▸ PROVIDED INFORMATION:
■ ■ ■
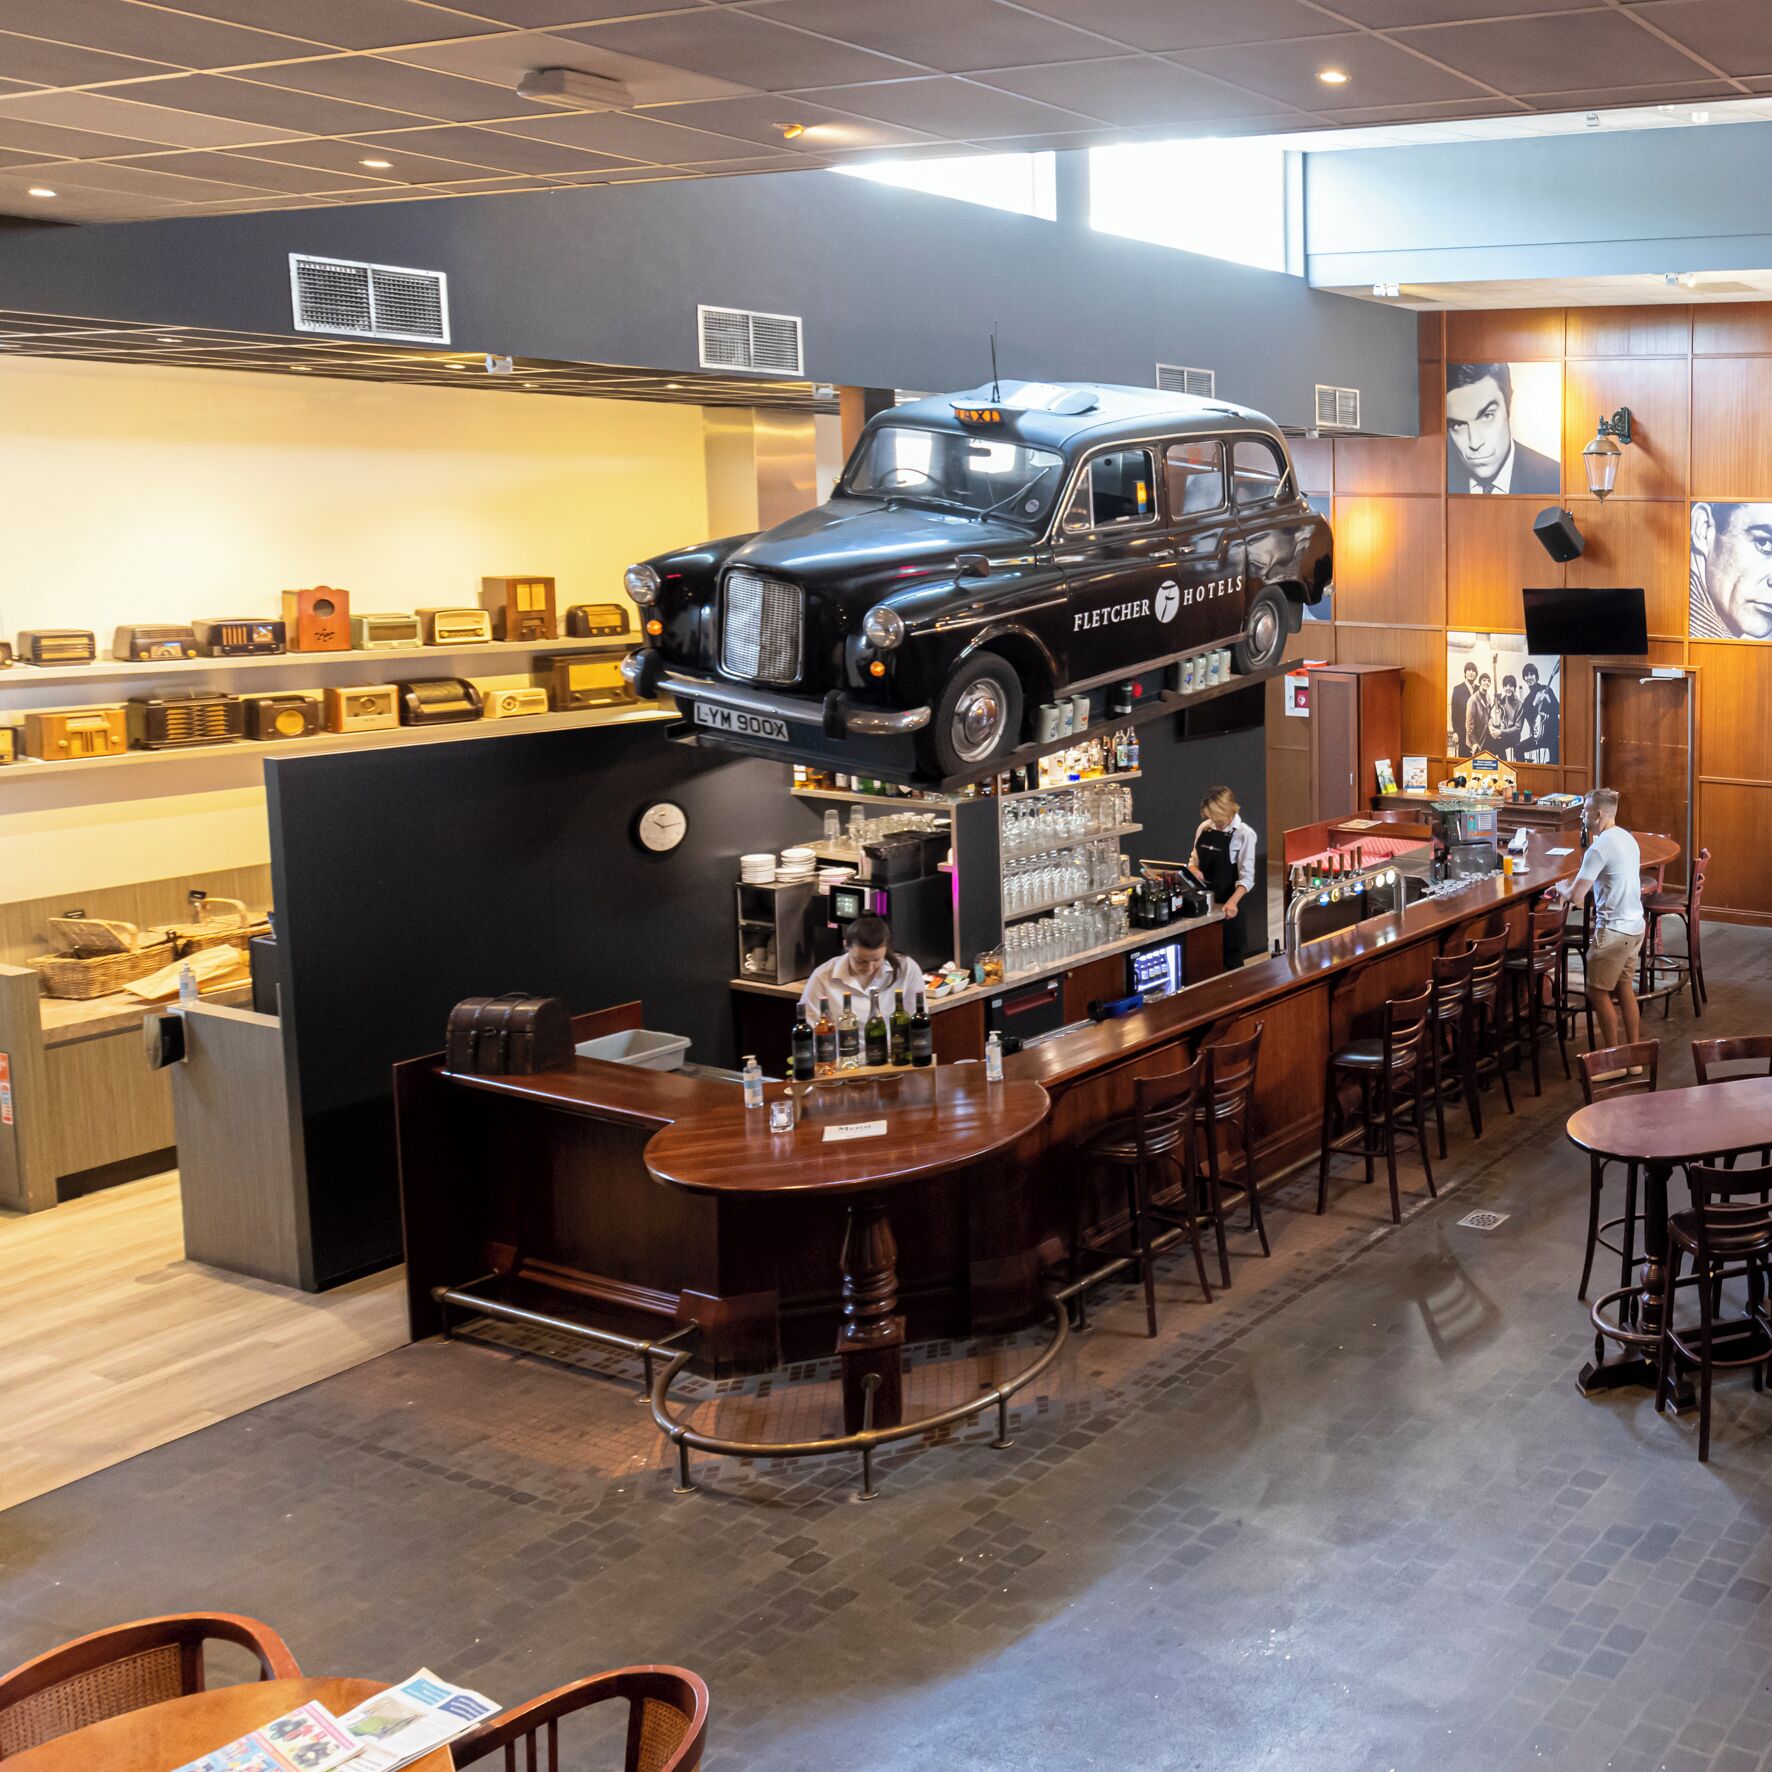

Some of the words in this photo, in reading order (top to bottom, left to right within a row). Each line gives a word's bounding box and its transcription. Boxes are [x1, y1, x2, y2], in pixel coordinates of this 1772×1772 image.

[955, 409, 1000, 423] TAXI
[1073, 599, 1151, 632] FLETCHER
[1183, 575, 1243, 606] HOTELS
[697, 705, 731, 728] LYM
[737, 714, 787, 739] 900X
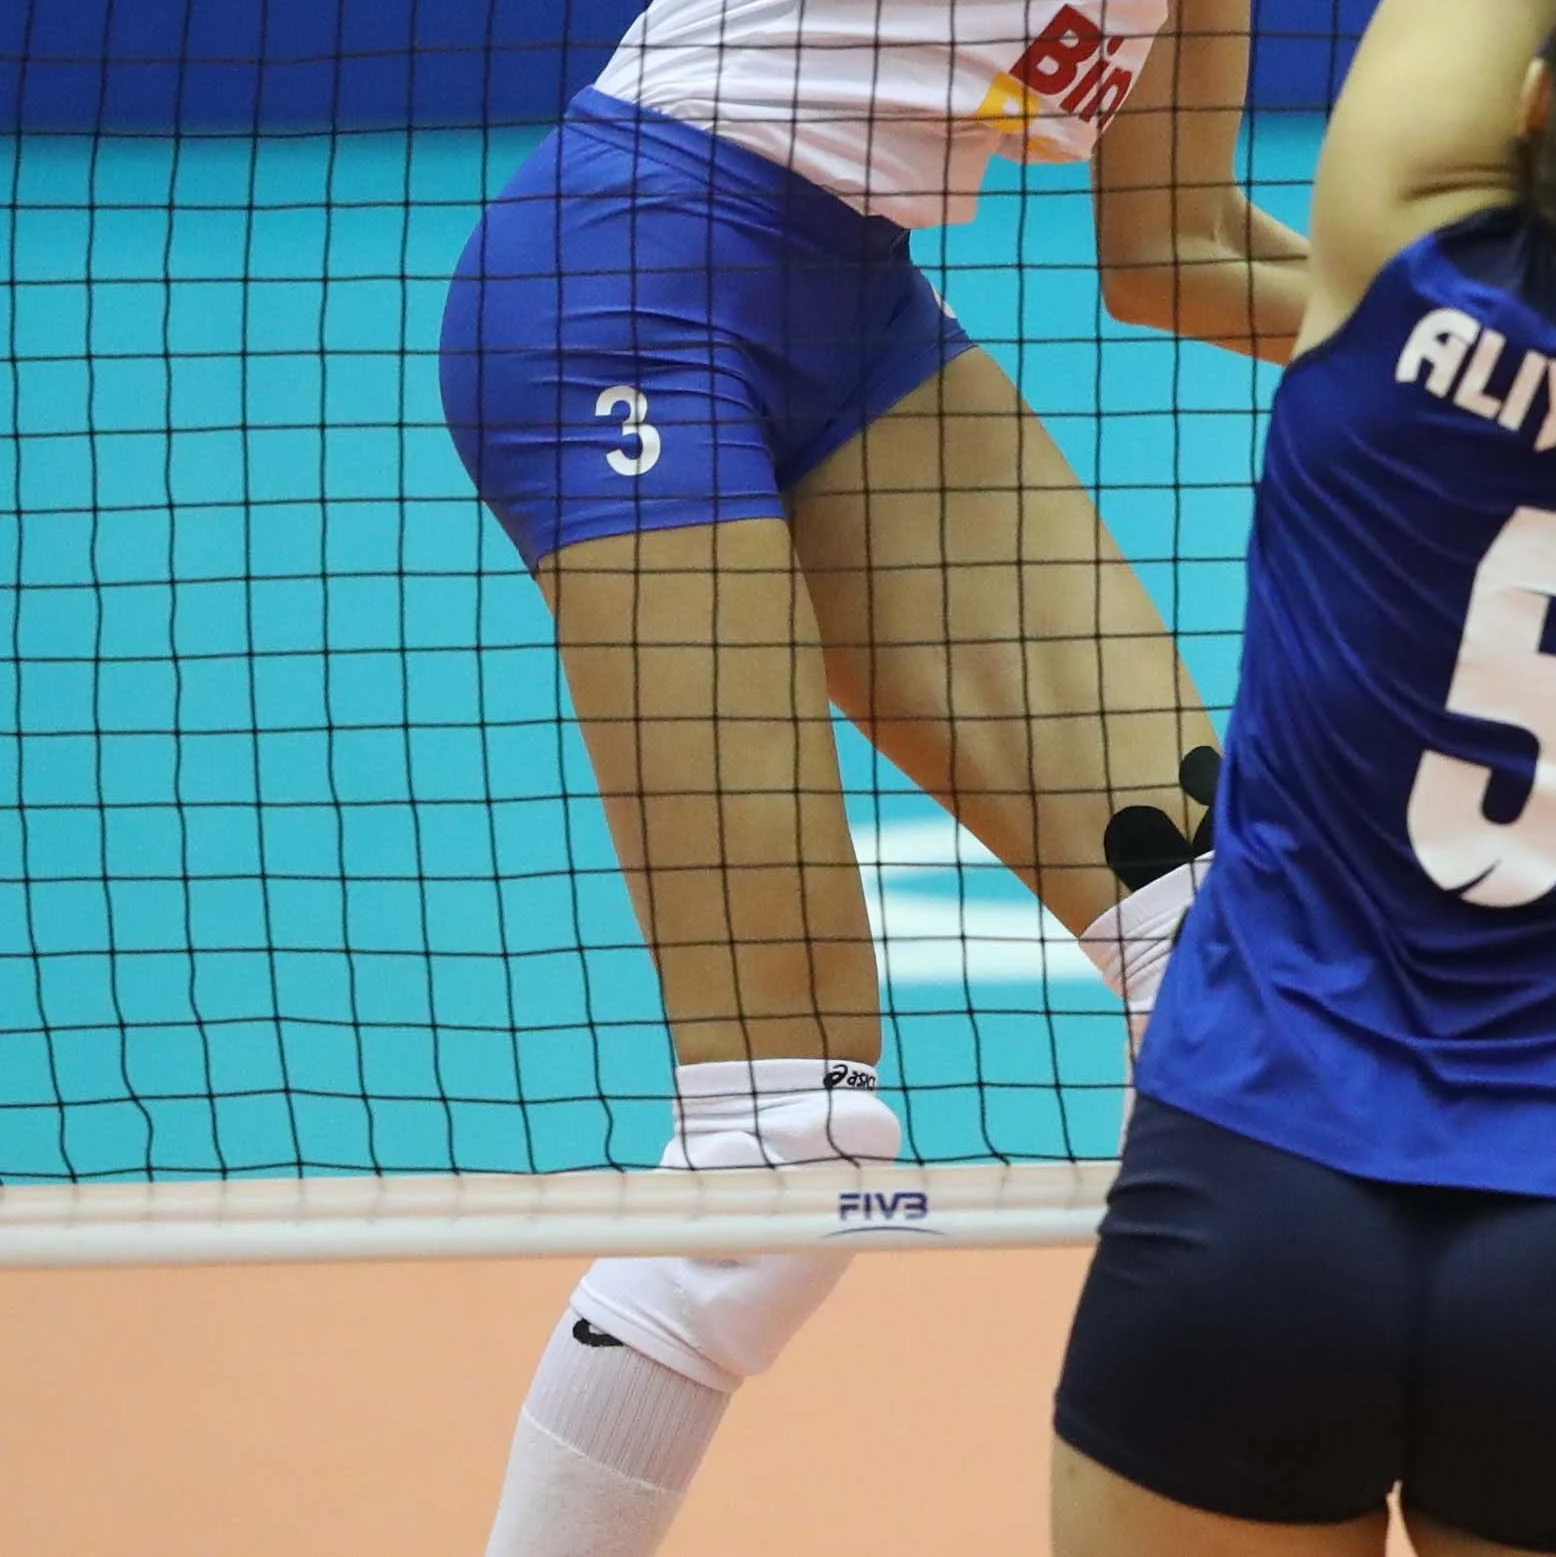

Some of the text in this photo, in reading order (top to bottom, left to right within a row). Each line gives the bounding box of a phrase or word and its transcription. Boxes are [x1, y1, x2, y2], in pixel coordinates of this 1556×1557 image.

[1008, 4, 1133, 130] Bin
[594, 385, 661, 477] 3
[839, 1192, 929, 1221] FIVB
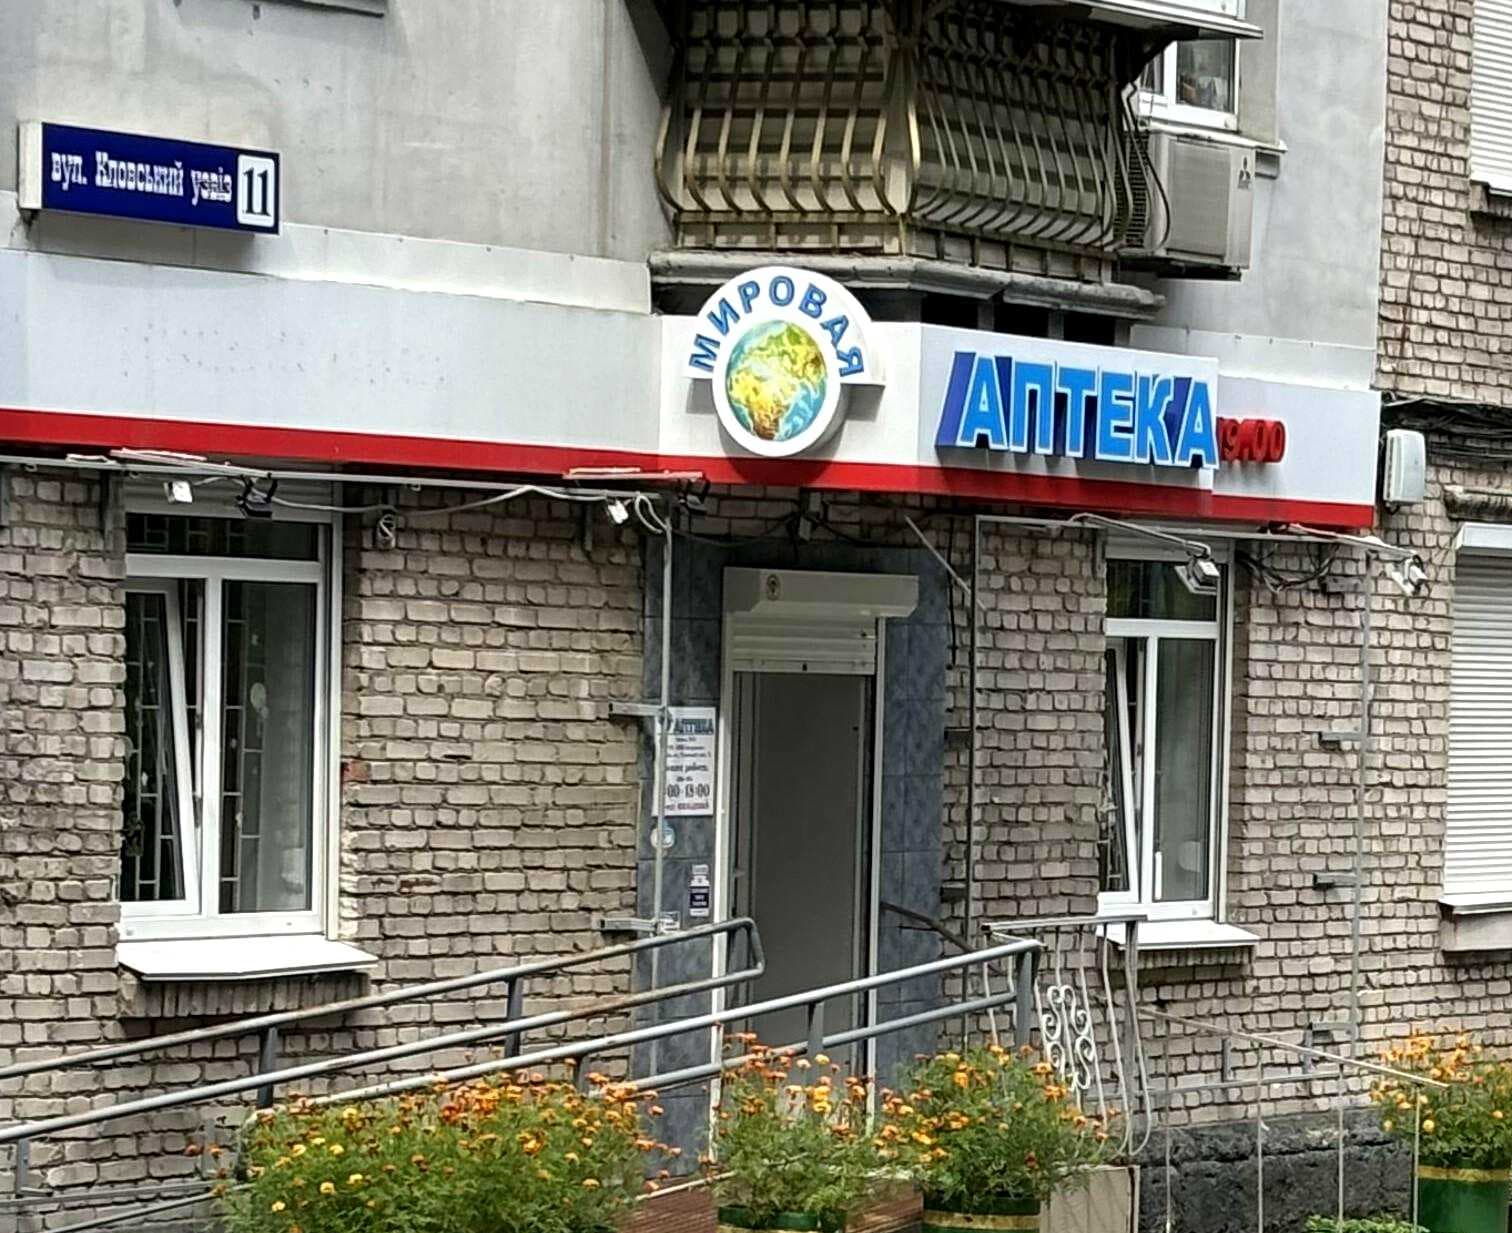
■ ■ ■
▸ DIRECTIONS: Output all of the data exactly as it stands, minus any images.

▸ FINISHED EXERCISE:
Some of the words in this photo, in reading order (top to bottom, left to right within a row). Each line gives a word's bounding box and its transcription. Boxes are [x1, y1, x2, y2], in pixel coordinates of this 1772×1772 image.

[955, 409, 1000, 423] TAXI
[1073, 599, 1151, 632] FLETCHER
[1183, 575, 1243, 606] HOTELS
[697, 705, 731, 728] LYM
[737, 714, 787, 739] 900X

Some of the text in this photo, in reading order (top to bottom, left to right within a row). Each line gives the bounding box of a phrase or word and its transcription. Boxes are [x1, y1, x2, y2], in pixel coordinates of this 1556×1557 image.

[1008, 4, 1133, 130] Bin
[594, 385, 661, 477] 3
[839, 1192, 929, 1221] FIVB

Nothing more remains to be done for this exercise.